- Activity: The copy has to match the data exactly and leave out every picture.

- Supplied information:
■ ■ ■ ■ ■

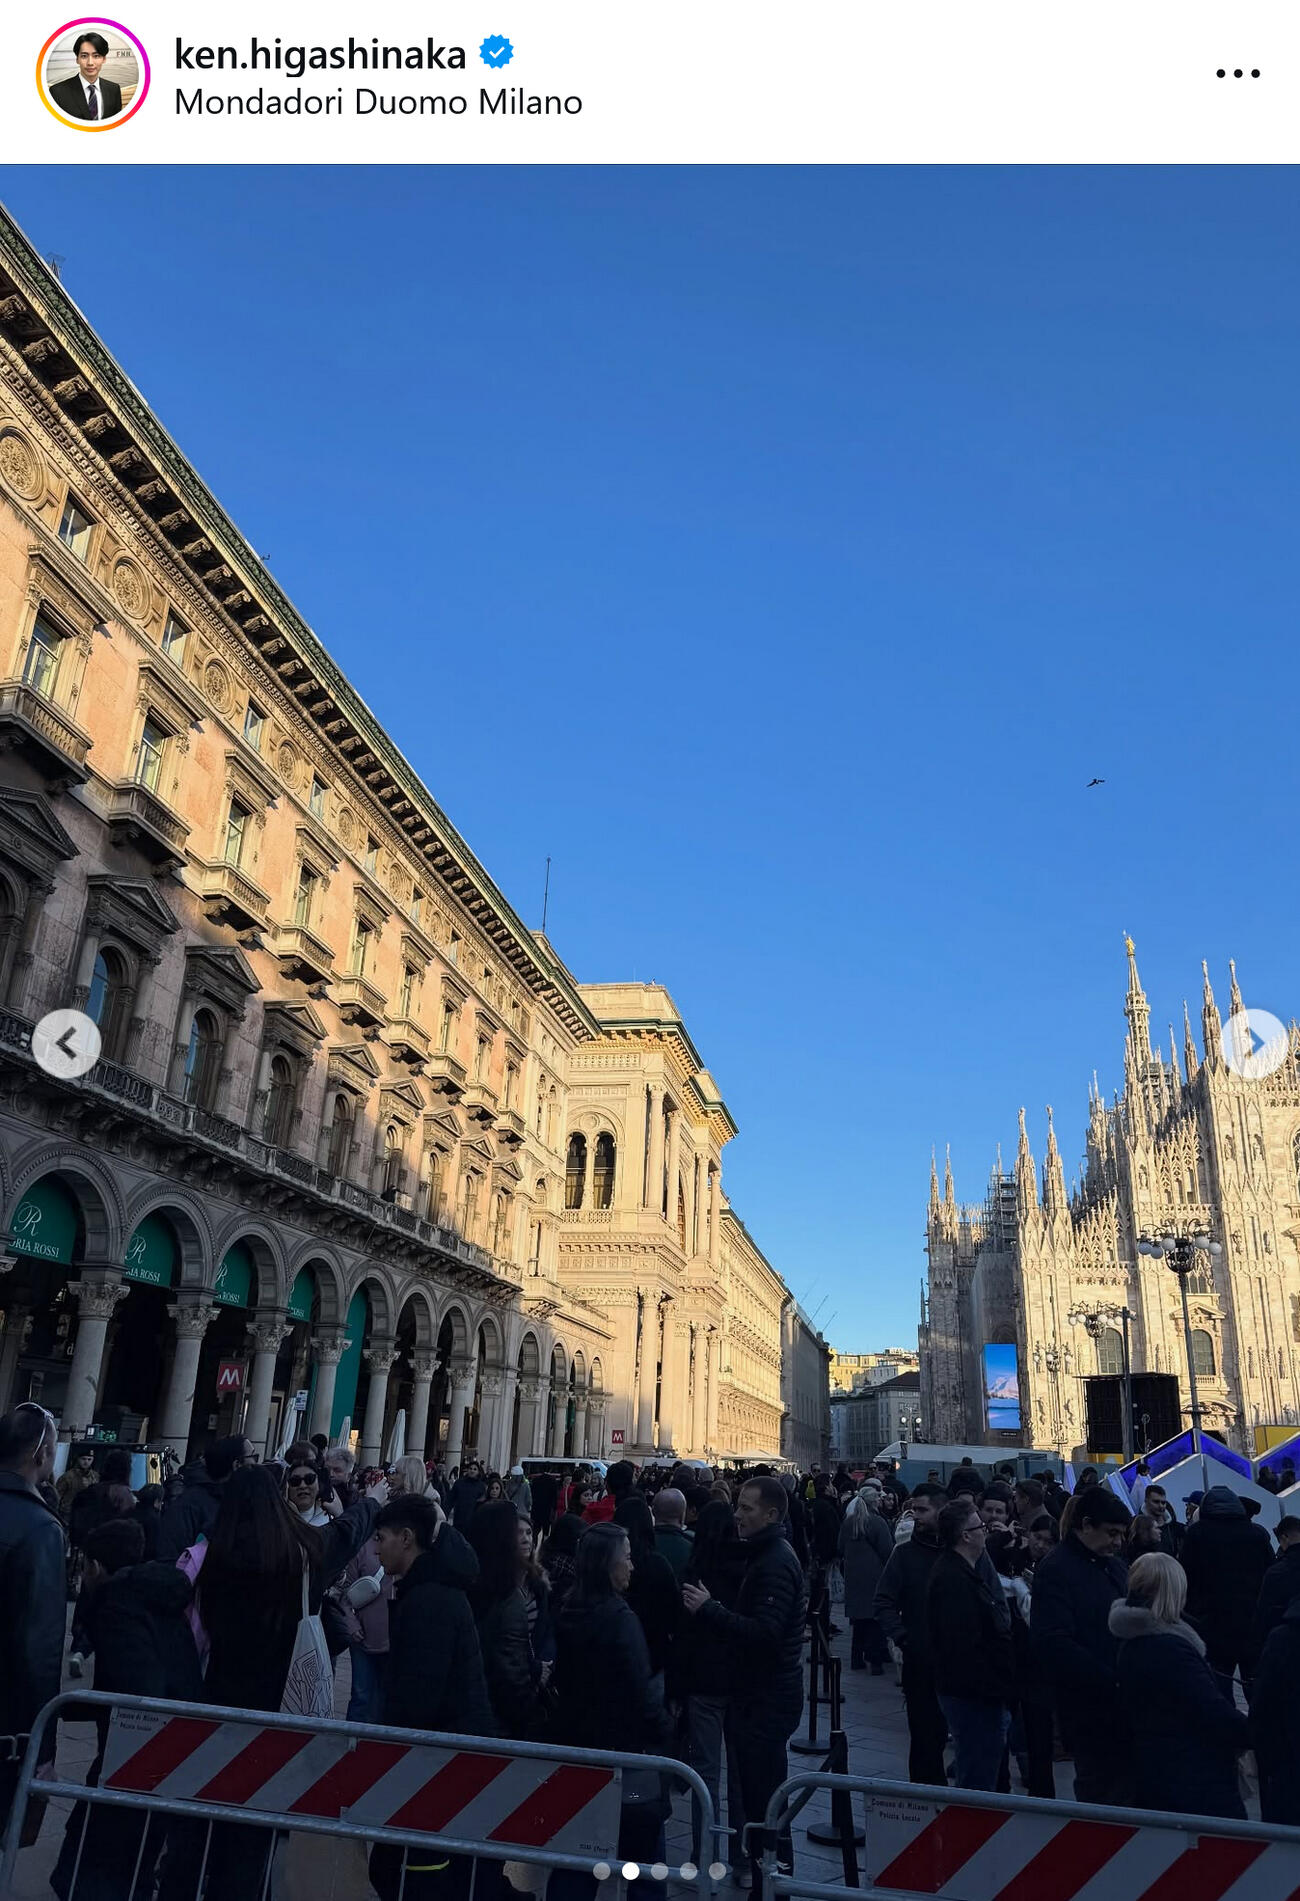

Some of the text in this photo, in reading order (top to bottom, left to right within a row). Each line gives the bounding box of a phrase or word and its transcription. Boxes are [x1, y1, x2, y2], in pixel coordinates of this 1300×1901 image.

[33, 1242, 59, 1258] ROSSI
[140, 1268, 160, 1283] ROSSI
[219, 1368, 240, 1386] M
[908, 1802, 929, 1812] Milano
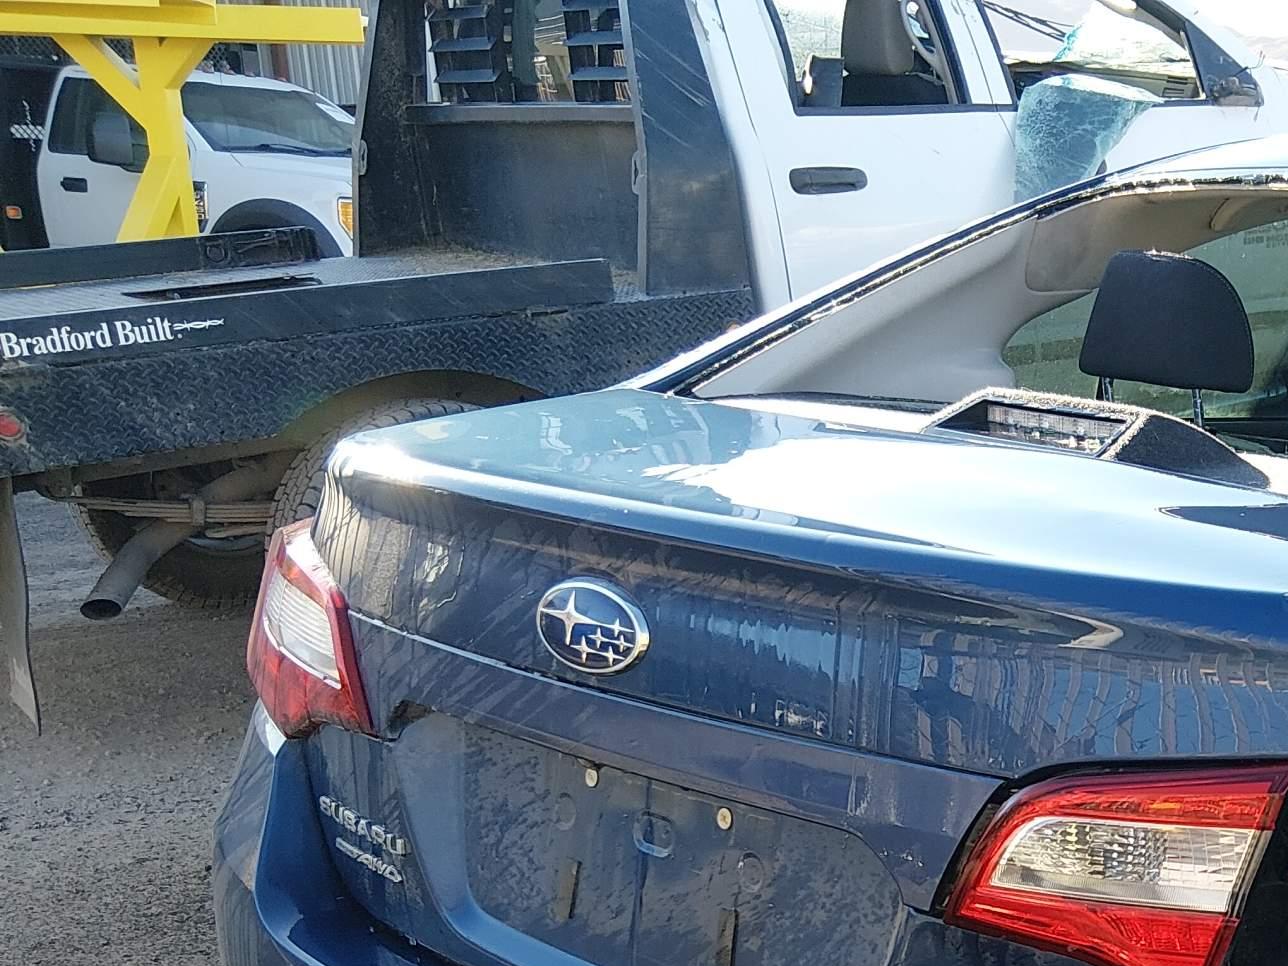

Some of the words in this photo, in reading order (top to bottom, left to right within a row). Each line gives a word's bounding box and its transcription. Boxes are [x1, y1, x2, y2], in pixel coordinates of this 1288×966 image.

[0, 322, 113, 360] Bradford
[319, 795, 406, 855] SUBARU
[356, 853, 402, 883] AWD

■ ■ ■ ■ ■

- Answer box:
Some of the text in this photo, in reading order (top to bottom, left to right within a row). Each line gives the bounding box of a phrase or word and its transcription. Boxes are [x1, y1, x2, y2], in pixel coordinates of this 1300×1901 image.

[33, 1242, 59, 1258] ROSSI
[140, 1268, 160, 1283] ROSSI
[219, 1368, 240, 1386] M
[908, 1802, 929, 1812] Milano

Some of the words in this photo, in reading order (top to bottom, left to right within a row). Each line gives a word's bounding box and its transcription. Boxes are [x1, y1, x2, y2], in pixel coordinates of this 1288×966 image.

[0, 322, 113, 360] Bradford
[319, 795, 406, 855] SUBARU
[356, 853, 402, 883] AWD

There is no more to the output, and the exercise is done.